Step 3 — Find Principal Directions (Eigenvectors):
We now want the direction where data varies the most — that’s like finding a line that “fits through” the data cloud.
PCA finds this by solving:
$$ \Sigma v_i = \lambda_i v_i $$

Here:
- $v_i$ → direction (eigenvector).
- $\lambda_i$ → variance captured along that direction (eigenvalue).
This equation literally says: “Find the directions that don’t change direction when multiplied by $\Sigma$ — just scale in size.”
Step 4 — Sort and Select Top Directions:
Eigenvectors are ranked by their eigenvalues.
The first few have the largest $\lambda$, meaning they capture the most variance.
If you keep only the top $k$, you’ve reduced dimensions while retaining maximum information.
Step 5 — Project Data:
Finally, we project the original data $X$ onto those top-$k$ directions:
$$ X_{proj} = X V_k $$

where $V_k$ contains the top $k$ eigenvectors as columns.
Voilà — your data is now expressed in the most informative directions!

Why It Works This Way

Imagine you have points scattered across a plane. PCA looks for the axis that cuts through the data’s longest stretch — because that’s where the most variation lies.
Mathematically, that’s equivalent to maximizing the variance:

$$ \max_{v} v^T \Sigma v \quad \text{s.t.} \quad \|v\| = 1 $$

This ensures we find the direction that “stretches” the data the most while keeping the vector normalized (unit length).

Each next axis (second, third, etc.) is found under the rule that it must be orthogonal (perpendicular) to the previous ones — so each captures new information.

How It Fits in ML Thinking

Machine learning often deals with data that’s too big or redundant.
PCA’s math turns that data into compact, clean representations — reducing noise and redundancy.
Think of it as the “data cleaning before the model,” but done with math instead of intuition.
It prepares the data for better, faster, and often more accurate learning.

📐 Step 3: Mathematical Foundation

Covariance Matrix

$$ \Sigma = \frac{1}{n-1} X^T X $$

$X$: Centered data matrix ($n$ samples × $d$ features).
$\Sigma$: Covariance matrix ($d \times d$).
Each element $\Sigma_{ij}$ tells how features $i$ and $j$ move together.

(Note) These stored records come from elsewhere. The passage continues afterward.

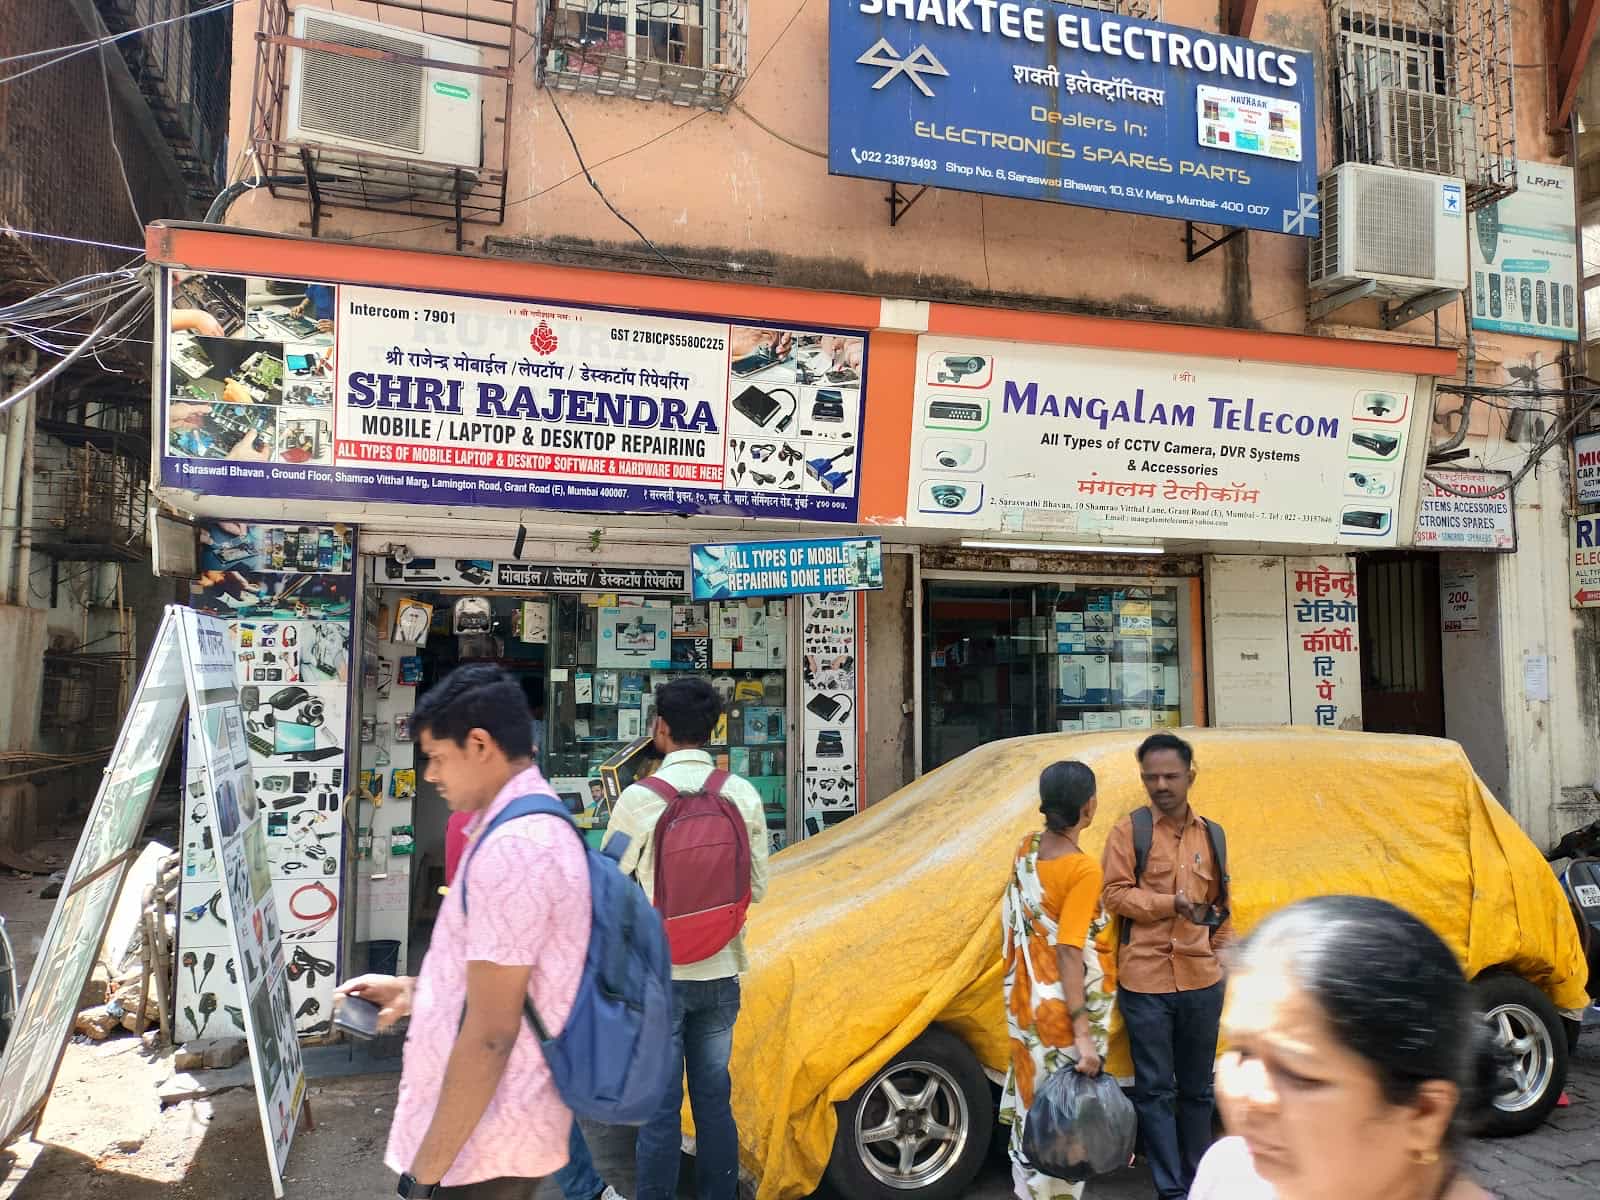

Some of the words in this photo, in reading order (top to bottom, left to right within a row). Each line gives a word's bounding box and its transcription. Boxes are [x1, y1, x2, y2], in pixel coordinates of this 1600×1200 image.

[1057, 13, 1297, 87] ELECTRONICS
[1012, 64, 1060, 87] शक्ती
[1065, 70, 1166, 106] इलेक्ट्रॉनिक्स
[1031, 105, 1117, 133] Dealers
[1124, 119, 1148, 137] In:
[914, 121, 1076, 159] ELECTRONICS
[1082, 146, 1173, 173] SPARES
[1179, 160, 1252, 185] PARTS
[861, 150, 882, 164] 022
[884, 153, 938, 171] 23879493
[945, 162, 974, 177] Shop
[975, 166, 994, 178] No.
[1007, 171, 1063, 188] Saraswati
[1064, 178, 1107, 195] Bhawan,
[1109, 184, 1124, 197] 10,
[1126, 187, 1144, 199] S.V.
[1146, 190, 1175, 205] Marg,
[1220, 201, 1244, 213] 400
[1247, 204, 1270, 216] 007
[349, 301, 410, 320] Intercom
[423, 309, 456, 325] 7901
[610, 328, 630, 342] GST
[632, 330, 725, 351] 27BICPS5580C2Z5
[385, 346, 404, 366] श्री
[408, 348, 450, 371] राजेन्द्र
[453, 351, 507, 377] मोबाईल
[579, 363, 636, 386] डेस्कटॉप
[639, 368, 690, 391] रिपेयरिंग
[347, 371, 464, 415] SHRI
[475, 381, 720, 435] RAJENDRA
[362, 415, 431, 439] MOBILE
[435, 419, 444, 442] /
[449, 420, 516, 444] LAPTOP
[522, 426, 534, 446] &
[541, 428, 616, 452] DESKTOP
[621, 433, 706, 458] REPAIRING
[1040, 432, 1059, 446] All
[1063, 434, 1102, 450] Types
[1106, 437, 1121, 450] of
[1124, 438, 1161, 452] CCTV
[1164, 441, 1216, 459] Camera,
[1220, 445, 1246, 458] DVR
[1249, 447, 1300, 463] Systems
[338, 442, 357, 458] ALL
[359, 443, 393, 460] TYPES
[395, 446, 410, 461] OF
[412, 447, 452, 464] MOBILE
[455, 450, 493, 466] LAPTOP
[495, 453, 504, 467] &
[507, 454, 551, 470] DESKTOP
[554, 457, 606, 473] SOFTWARE
[608, 460, 616, 474] &
[618, 461, 671, 478] HARDWARE
[672, 464, 697, 479] DONE
[699, 466, 723, 481] HERE
[1127, 459, 1137, 471] &
[1141, 460, 1218, 476] Accessories
[1577, 467, 1594, 479] CAR
[174, 464, 180, 473] 1
[182, 464, 228, 476] Saraswati
[229, 466, 265, 478] Bhavan
[271, 469, 306, 481] Ground
[308, 471, 333, 483] Floor,
[335, 472, 375, 485] Shamrao
[376, 475, 404, 487] Vitthal
[405, 477, 430, 490] Marg,
[431, 478, 476, 492] Lamington
[478, 481, 503, 493] Road,
[504, 482, 527, 494] Grant
[528, 483, 550, 495] Road
[551, 485, 566, 497] (E),
[567, 486, 599, 498] Mumbai
[599, 487, 630, 499] 400007.
[1077, 471, 1157, 498] मंगलम
[1162, 479, 1260, 504] टेलीकॉम
[998, 498, 1040, 508] Saraswathi
[1085, 502, 1119, 512] Shamrao
[1120, 504, 1145, 513] Vitthal
[1168, 507, 1190, 516] Grant
[1191, 508, 1210, 517] Road
[1225, 510, 1255, 519] Mumbai
[1284, 513, 1296, 521] 022
[1105, 513, 1125, 522] Email
[1421, 500, 1451, 512] STEMS
[1453, 502, 1508, 514] ACCESSORIES
[1462, 516, 1495, 529] SPARES
[729, 551, 749, 569] ALL
[751, 549, 787, 568] TYPES
[789, 547, 804, 566] OF
[807, 545, 849, 565] MOBILE
[500, 564, 541, 586] मोबाईल
[552, 566, 588, 587] लेपटॉप
[599, 568, 641, 590] डेस्कटॉप
[728, 570, 787, 592] REPAIRING
[791, 569, 820, 588] DONE
[824, 567, 852, 585] HERE
[1294, 564, 1357, 598] महेन्द्र
[1293, 598, 1357, 624] रेडियो

If $\Sigma_{ij}$ is large and positive → they grow together.
If negative → one grows as the other shrinks.
If near zero → they’re unrelated.

Covariance is like gossip between features — how much they “talk” to each other. PCA listens carefully, then summarizes the conversations into a few main storylines (principal components).

Eigen Decomposition

$$ \Sigma v_i = \lambda_i v_i $$

$v_i$: the direction (principal component).
$\lambda_i$: the amount of variance along that direction.

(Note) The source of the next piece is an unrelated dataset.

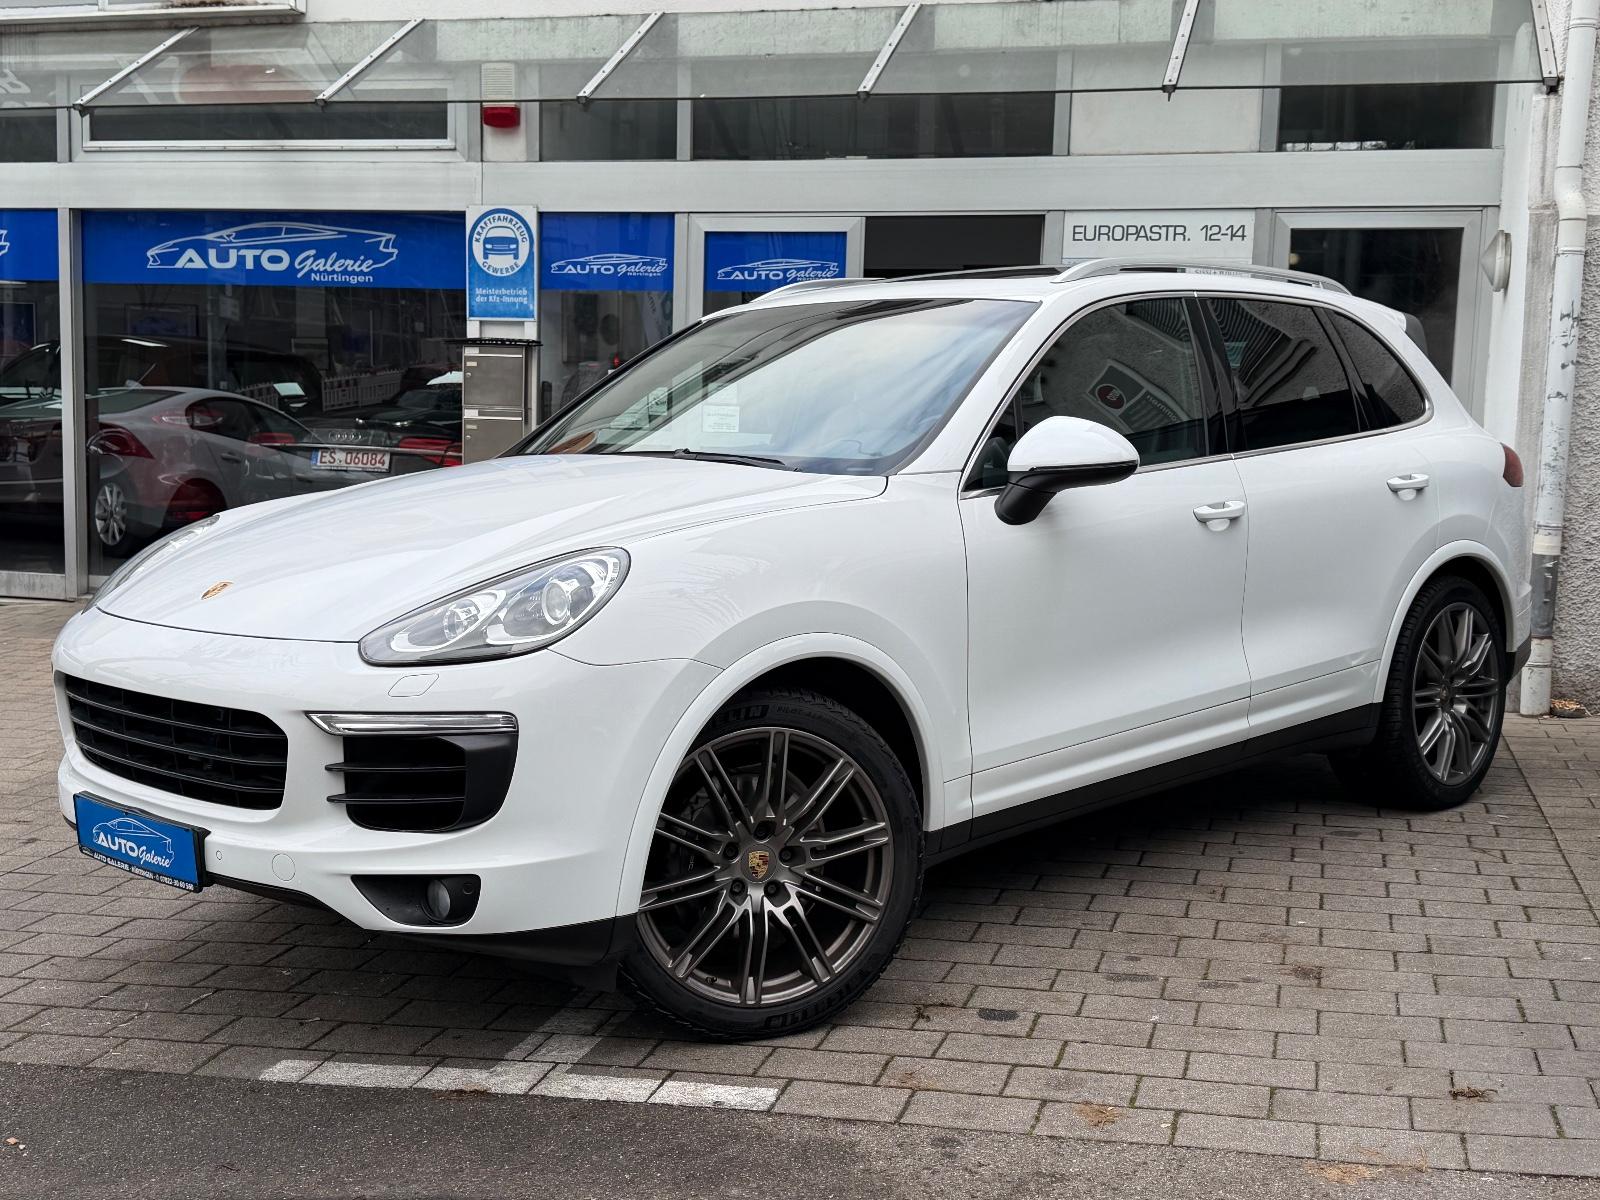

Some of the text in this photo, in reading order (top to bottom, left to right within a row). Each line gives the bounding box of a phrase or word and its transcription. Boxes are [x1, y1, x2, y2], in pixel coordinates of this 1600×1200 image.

The math says: “Multiply $\Sigma$ by $v_i$, and you get the same direction scaled by $\lambda_i$.”
That means $v_i$ is special — it’s like the purest direction of data spread.

Eigenvectors are like compass needles pointing in the directions the data stretches the most.
Eigenvalues tell you how far it stretches in that direction.

Projection Formula

$$ X_{proj} = X V_k $$

$V_k$: top $k$ eigenvectors stacked column-wise.
$X_{proj}$: your data re-expressed in fewer dimensions.

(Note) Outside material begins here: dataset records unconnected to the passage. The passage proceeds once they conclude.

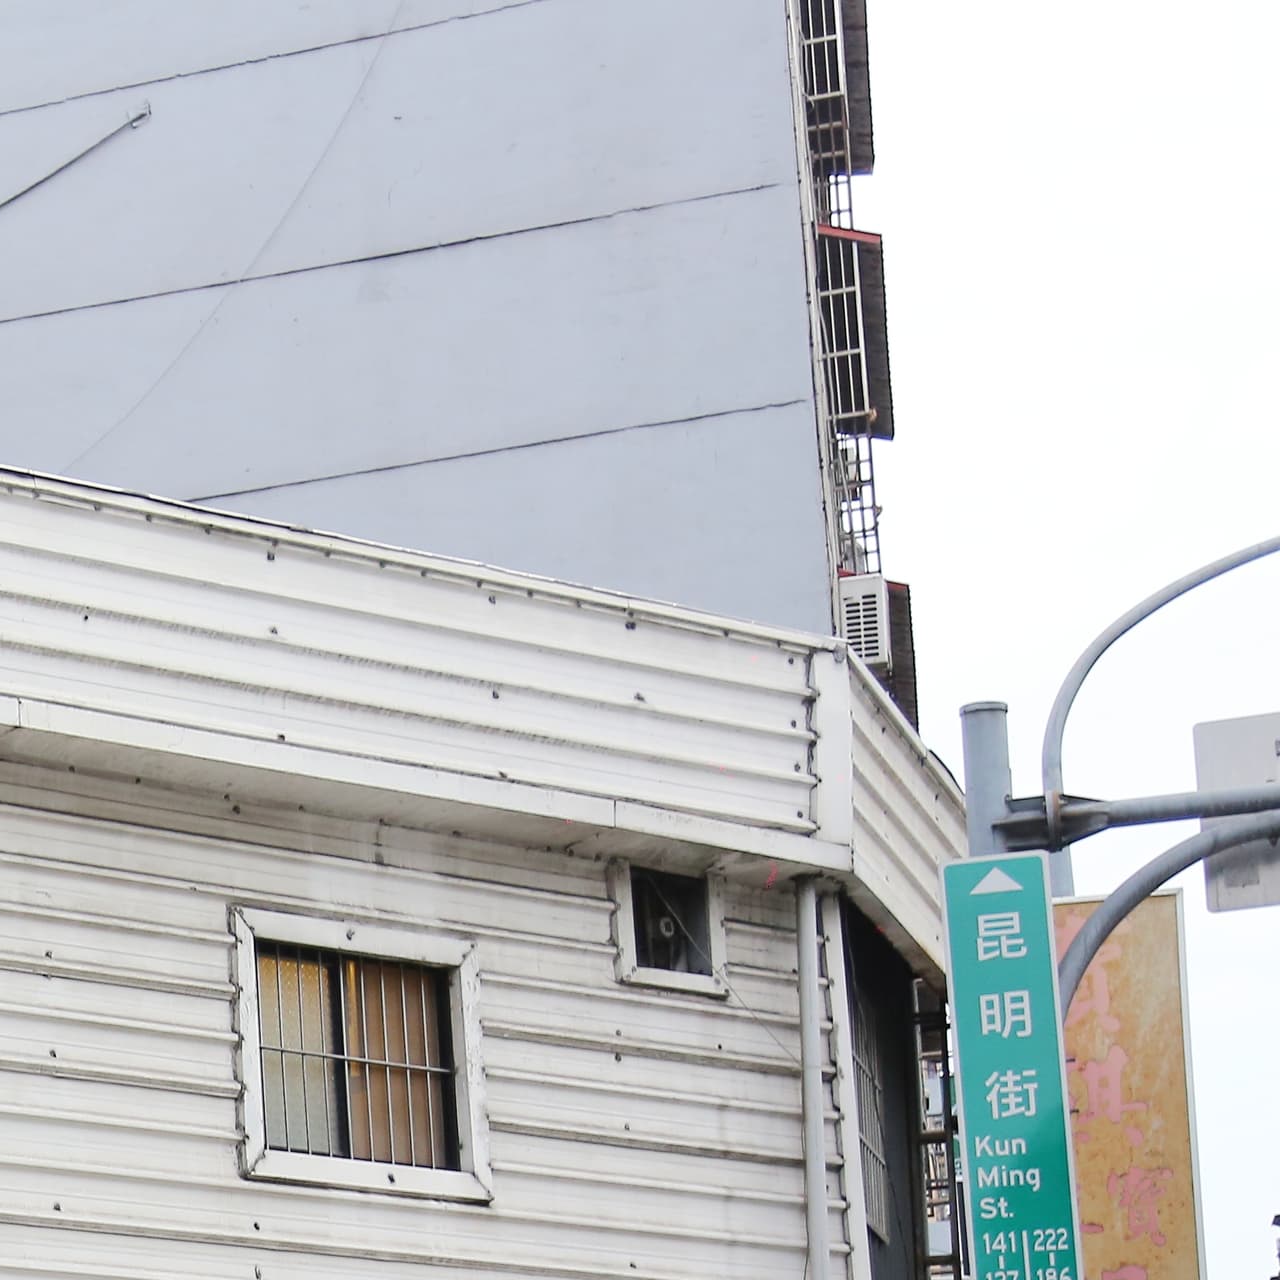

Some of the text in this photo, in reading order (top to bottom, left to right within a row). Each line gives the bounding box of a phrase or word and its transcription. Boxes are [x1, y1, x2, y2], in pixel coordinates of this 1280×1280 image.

[975, 911, 1039, 1121] 昆明街
[975, 1134, 1028, 1158] Kun
[977, 1165, 1041, 1192] Ming
[979, 1197, 1015, 1220] St.
[982, 1230, 1018, 1255] 141
[1033, 1229, 1069, 1252] 222

This is literally like taking a photograph of your data from the “best angle.”

Projection means compressing the data onto a smaller space — while keeping the most important details intact.
Like folding a large map neatly without losing key landmarks.

🧠 Step 4: Assumptions or Key Ideas

Zero Mean: PCA assumes all features are centered (no offset).
Linearity: It only finds straight-line directions — curved structures are invisible to it.
Orthogonality: Each new principal component must be perpendicular to previous ones — ensuring no redundancy.
Variance as Information: The assumption that high variance = meaningful signal.

These principles define the kind of structure PCA can and cannot capture.

⚖️ Step 5: Strengths, Limitations & Trade-offs

✅ Strengths:

Provides a clear mathematical framework for dimensionality reduction.
Links geometry, algebra, and statistics seamlessly.
Works well as a preprocessing step before any ML model.

⚠️ Limitations:

Only detects linear relationships.
Sensitive to scaling — features with larger variance dominate.
Hard to interpret — principal components are mixtures of features.

⚖️ Trade-offs:
PCA sacrifices interpretability for simplicity and efficiency.
You lose direct feature meaning but gain a compressed, cleaner view of your data’s underlying structure.

🚧 Step 6: Common Misunderstandings

🚨 Common Misunderstandings (Click to Expand)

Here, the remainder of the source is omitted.